It is not uncommon for citizens to be displeased with the manner in which their complaint is dealt with by authorities. However, how far would one go? Petition continuously? Hold a protest? Well, a US man who was unhappy with the FBI for not taking his complaint seriously, resorted to a more than extreme measure: making a hoax bomb threat at the building housing the headquarters of the federal agency.

Gerardo Manuel Checo Nunez, 33, from Queens, New York, was arrested on Wednesday for making a hoax bomb threat at the Jacob K. Javits Federal Office Building. He did so as he was disgruntled with the FBI for ignoring his complaint filed through the agency's website. Nunez had alleged in the complaint that his accounts had been hacked by a foreign government and that attempts were being made to extort him.

Michael J. Driscoll, Assistant Director‑in‑Charge, FBI, New York, said in a statement, "While Nunez's alleged threat to our federal building was deemed a hoax, his actions called for the resources of law enforcement, which were expended in response to one man's personal gripe. Aside from the fact that these types of hoax threats divert resources and cost taxpayer dollars, they put law enforcement in harm's way regardless of their intended purpose."

Threatening FBI with A 'Bomb'

Jacob K. Javits Federal Office Building (Representational Picture)Wikimedia Commons

Nunez had enlisted in the United States Marine Corps from 2006 to 2013, including as an Engineer Equipment Operator. According to court documents, he visited the Javits Building—located at 26 Federal Plaza in Manhattan—on 17 November 2021. The 33-year-old approached a security booth that was manned by the FBI Police (uniformed security police of the FBI). Making a dramatic gesture, he slammed a copy of his previously filed complaint against the security screen.
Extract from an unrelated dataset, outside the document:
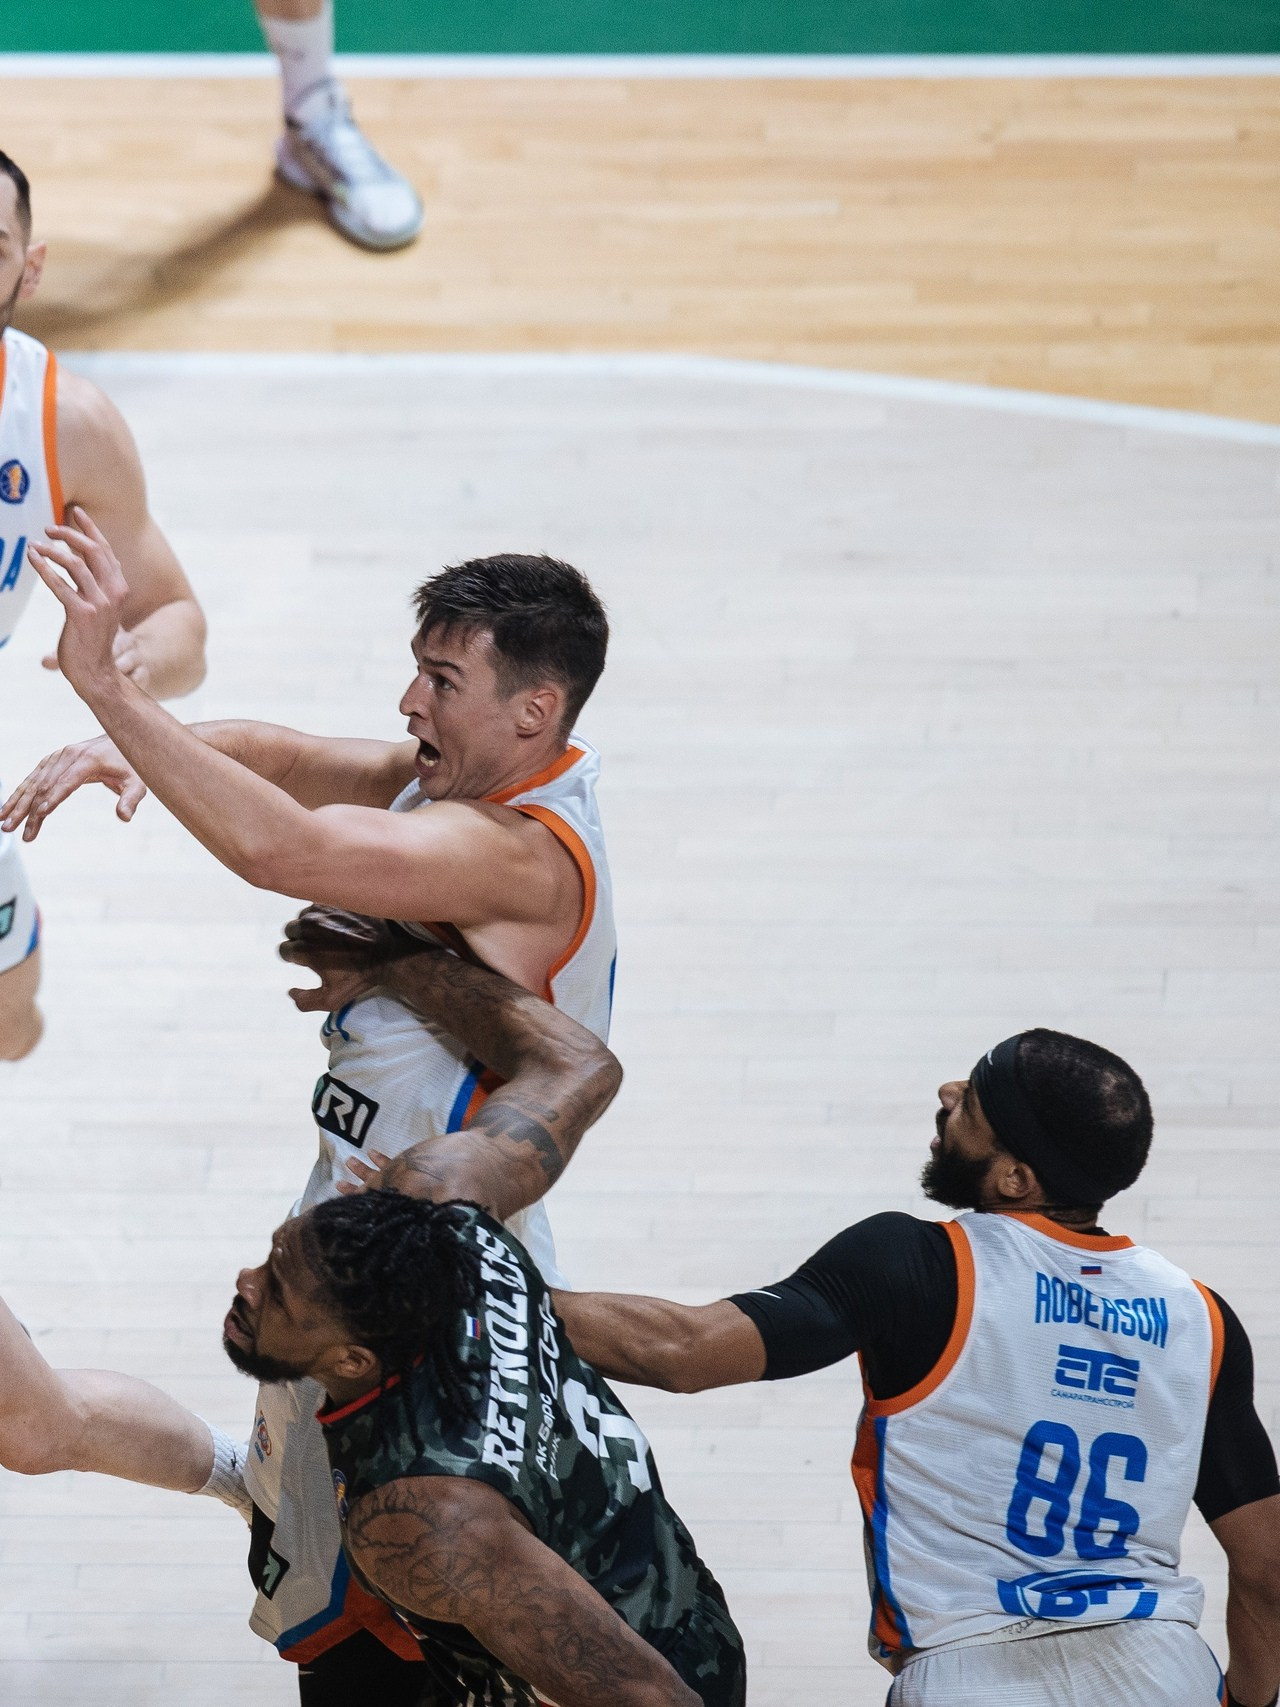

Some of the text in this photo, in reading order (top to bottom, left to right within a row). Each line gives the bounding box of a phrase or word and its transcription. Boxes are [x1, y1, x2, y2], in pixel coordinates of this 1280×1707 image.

[476, 1225, 529, 1482] REYNOLDS
[1035, 1272, 1168, 1349] ROBERSON
[1007, 1419, 1148, 1559] 86
However, the tension was set to escalate. He declared to the FBI Police that he had built an improvised explosive device (IED) in his vehicle—a full-size cargo van— and that he intended to turn himself in. Upon being asked to confirm whether there was an IED in his vehicle, the Queens resident replied affirmatively. He was taken into custody immediately and the members of the FBI's New York Joint Terrorism Task Force (the JTTF) were alerted.

Nunez was asked again by members of the JTTF if there was an IED in the vehicle. However, this time, he responded that there was no explosive device in the automobile. The New Yorker admitted that he cooked up the bomb hoax as he was displeased with the FBI ignoring his hacking complaints. Therefore, he resorted to this action to get their attention.

An improvised explosive device (Representational Picture)US National Archives & DVIDS

Damian Williams, US Attorney for the Southern District of New York, said, "As alleged, the defendant's bomb threat caused an immediate mobilization by the FBI and the NYPD appropriate for a real explosive device. Hoax or not, a bomb threat requires the diversion of valuable law enforcement and public safety resources, and causes genuine fear in the public. "

A Costly Cry for Attention

Following his detainment, Nunez provided the authorities with a description of his vehicle and the location of where it was parked. The vehicle was located by the JTTF personnel outside the Javits Building across the street. It was found in the vicinity of an apartment building with numerous residents and a shut coffee shop. The area, including the apartment complex, was immediately evacuated by officers and was closed to vehicular traffic and pedestrians.

Arrest (Representational Picture)Reuters

In addition to this, the scene was also surveilled by at least one law enforcement helicopter. FBI bomb technicians conducted a thorough search of the vehicle and confirmed that it contained no explosive devices. However, during successive searches, several rounds of .223 caliber ammunition were found by members of the JTTF along with written materials about the detection of IEDs and weapons of mass destruction.

Dermot Shea, Commissioner of NYPD, said, "In a city that has experienced more than 50 terrorist plots and four attacks, making a claim that you have a bomb at a government building is no joke. Mr. Checo Nunez faces serious charges which should serve as an example to others who believe making threats is an effective way to get attention."

The former marine has been charged with one count of conveying false information and hoaxes in connection with the alleged bomb threat (in violation of Title 18, United States Code, Section 1038). He faces a maximum sentence of five years in prison. However, Nunez's sentence will be determined by a judge.